As crianças do Muquém esperam por um futuro mais justo a partir de agora Foto: Cid Barbosa
União dos Palmares Os moradores da comunidade
quilombola do Muquém, em União dos Palmares (AL), jamais esquecerão o
dia 18 de junho de 2010. Essa data representa um divisor entre o estado
de completo abandono em que viviam e a chegada do "socorro", como
ressaltam os líderes comunitários. Paradoxalmente, a metamorfose
aconteceu depois que o Rio Mundaú encheu e derrubou 52 casas. Muitas
pessoas conseguiram se salvar trepando em duas jaqueiras que hoje são
reverenciadas como "sagradas" por todos ali.
A partir do que poderia ter se configurado como uma grande tragédia, os
órgãos públicos, enfim, se "sensibilizaram" com os problemas que
afligiam historicamente o Muquém. Nada menos do que 120 imóveis do
programa Minha Casa, Minha Vida, do governo federal, foram construídas
para abrigar igual número de famílias. As outras 15 (de um total de 135)

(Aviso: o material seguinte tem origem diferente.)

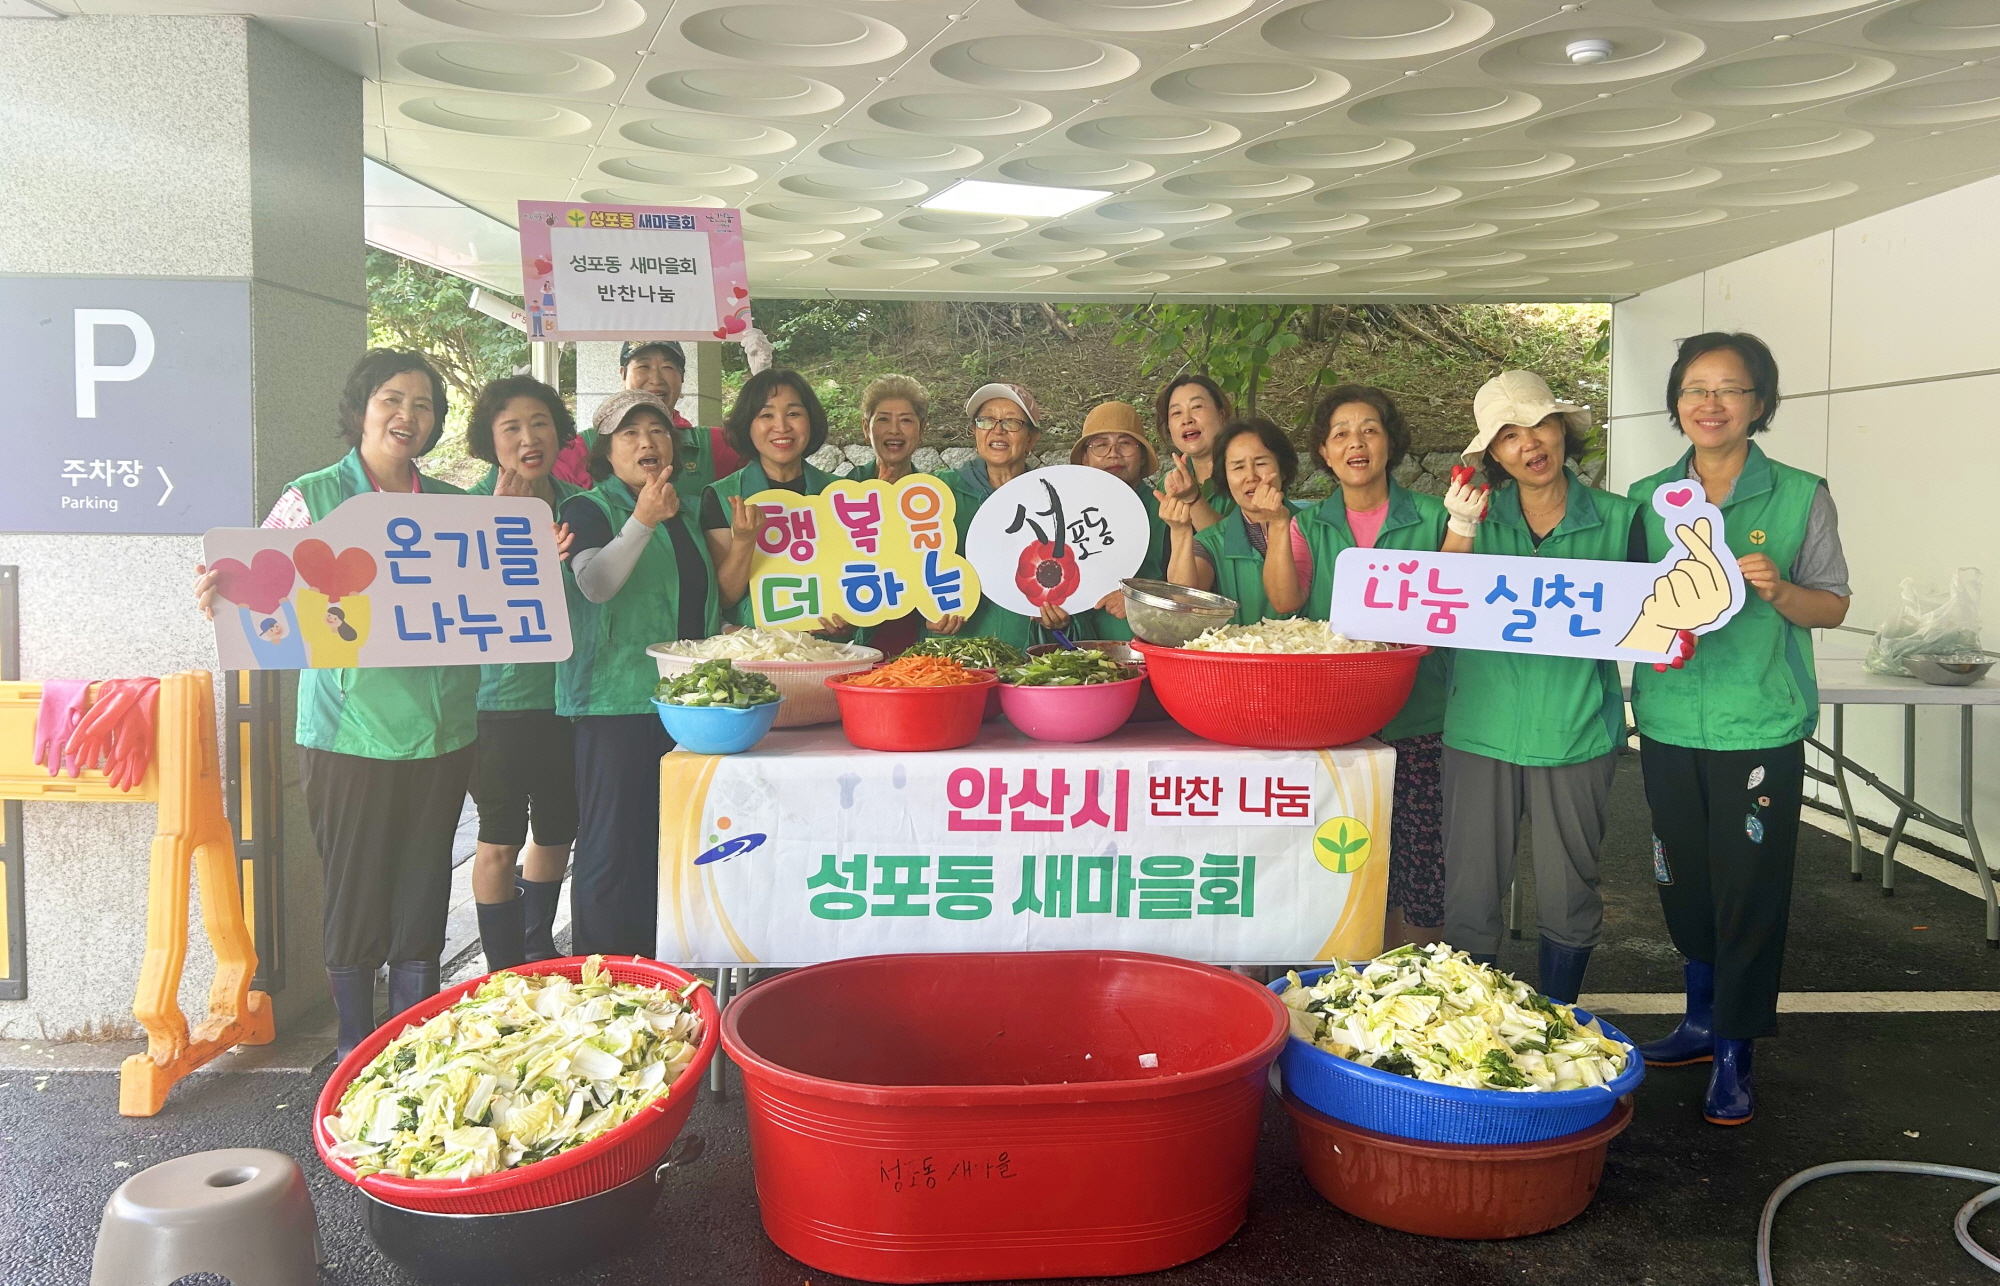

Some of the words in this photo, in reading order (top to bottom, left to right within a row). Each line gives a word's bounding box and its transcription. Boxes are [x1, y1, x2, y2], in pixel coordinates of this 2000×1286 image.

[590, 210, 635, 229] 성포동
[638, 213, 697, 230] 새마을회
[569, 255, 622, 274] 성포동
[629, 257, 697, 276] 새마을회
[597, 284, 676, 304] 반찬나눔
[74, 308, 155, 419] P
[61, 459, 144, 488] 주차장
[61, 496, 119, 512] Parking
[384, 516, 539, 586] 온기를
[755, 485, 942, 562] 행복을
[761, 550, 963, 624] 더하는
[1363, 561, 1470, 635] 나눔
[1484, 573, 1604, 643] 실천
[394, 594, 553, 652] 나누고
[946, 767, 1130, 833] 안산시
[1147, 775, 1224, 817] 반찬
[1238, 775, 1312, 819] 나눔
[806, 852, 994, 921] 성포동
[1012, 852, 1257, 921] 새마을회

não foram contempladas por opção própria, pois se encontram numa área
de maior segurança e preferiram não se mudar.
"As chuvas sempre
causavam transtorno. Já estávamos acostumados a conviver com essas
adversidades. No entanto, em 2010 a situação se tornou desesperadora e,
por muito pouco, muita gente não morreu", destaca a presidente da
Associação dos Remanescentes do Quilombo do Sítio Muquém, Albertina
Nunes da Silva.
Salvação
Entre os que se salvaram, muitas
histórias de desespero, medo e solidariedade. O relato de Michele
Pereira da Silva, 28, é impressionante. Ela subiu numa das jaqueiras com
os dois irmãos por volta das 17h30 do dia 18 de junho de 2010, e só
conseguiu descer por volta das 4 horas da madrugada do dia seguinte.
"Foi
apavorante. A gente pensou em se salvar indo para a caixa-d´água, o
ponto mais alto da comunidade. Só que vimos que não valeria a pena, pois
a água já passava da nossa cintura e subia bem ligeiro. Demos as mãos
uns aos outros e viemos nos puxando para os pés de jaca. Ao todo, 25
pessoas se salvaram", conta Michele sem esconder a emoção pelo ocorrido.
Conforme
seu relato, até mesmo uma mulher gestante de sete meses, que não
conseguiu alcançar a parte mais alta da jaqueira, e três crianças, se
seguraram nos galhos e suportaram a fúria das águas. Por conta desse
episódio, as duas árvores, mesmo parcialmente tomadas por parasitas e
cupins, são preservadas e até reverenciadas pela comunidade.
"Depois
que tudo aconteceu, as pessoas passaram a vir aqui para fazer orações
não só em agradecimento como também para pedir algumas graças", conta
Michele que revelou estar à procura de um primo para se casar e manter a
tradição entre os quilombolas.
Já Albertina, que é casada também
com um primo, mostra-se preocupada com os filhos, Nelson, 18, e Luís
Alberto, 16. "Temo que, por causa dessa coisa de globalização, eles não
se interessem em manter os nossos costumes. Em relação a casamento, por
exemplo, dizem que vão em busca de moças de outras comunidades, não
necessariamente quilombolas. A exemplo de outros jovens, não se
interessam muito pelo nosso passado. O que desperta o interesse deles
são coisas como computadores, antenas parabólicas, motocicletas e
telefones celulares".
História
Os moradores de Muquém, em
sua grande maioria, são parentes. O casamento entre primos é uma
constante entre esses quilombolas que chegaram ao local há
aproximadamente 250 anos, fugidos da Serra da Barriga. "O início de tudo
foi a partir da união da senhora Balbina com Cassimiro Bezerra. Camila,
uma das três filhas do casal, se apaixonou por Leopoldino Nunes e
tiveram nove filhos.
Albertina recorda que, "na época da minha
mãe e dos meus avós, nós cultivávamos tradições, como o samba de coco.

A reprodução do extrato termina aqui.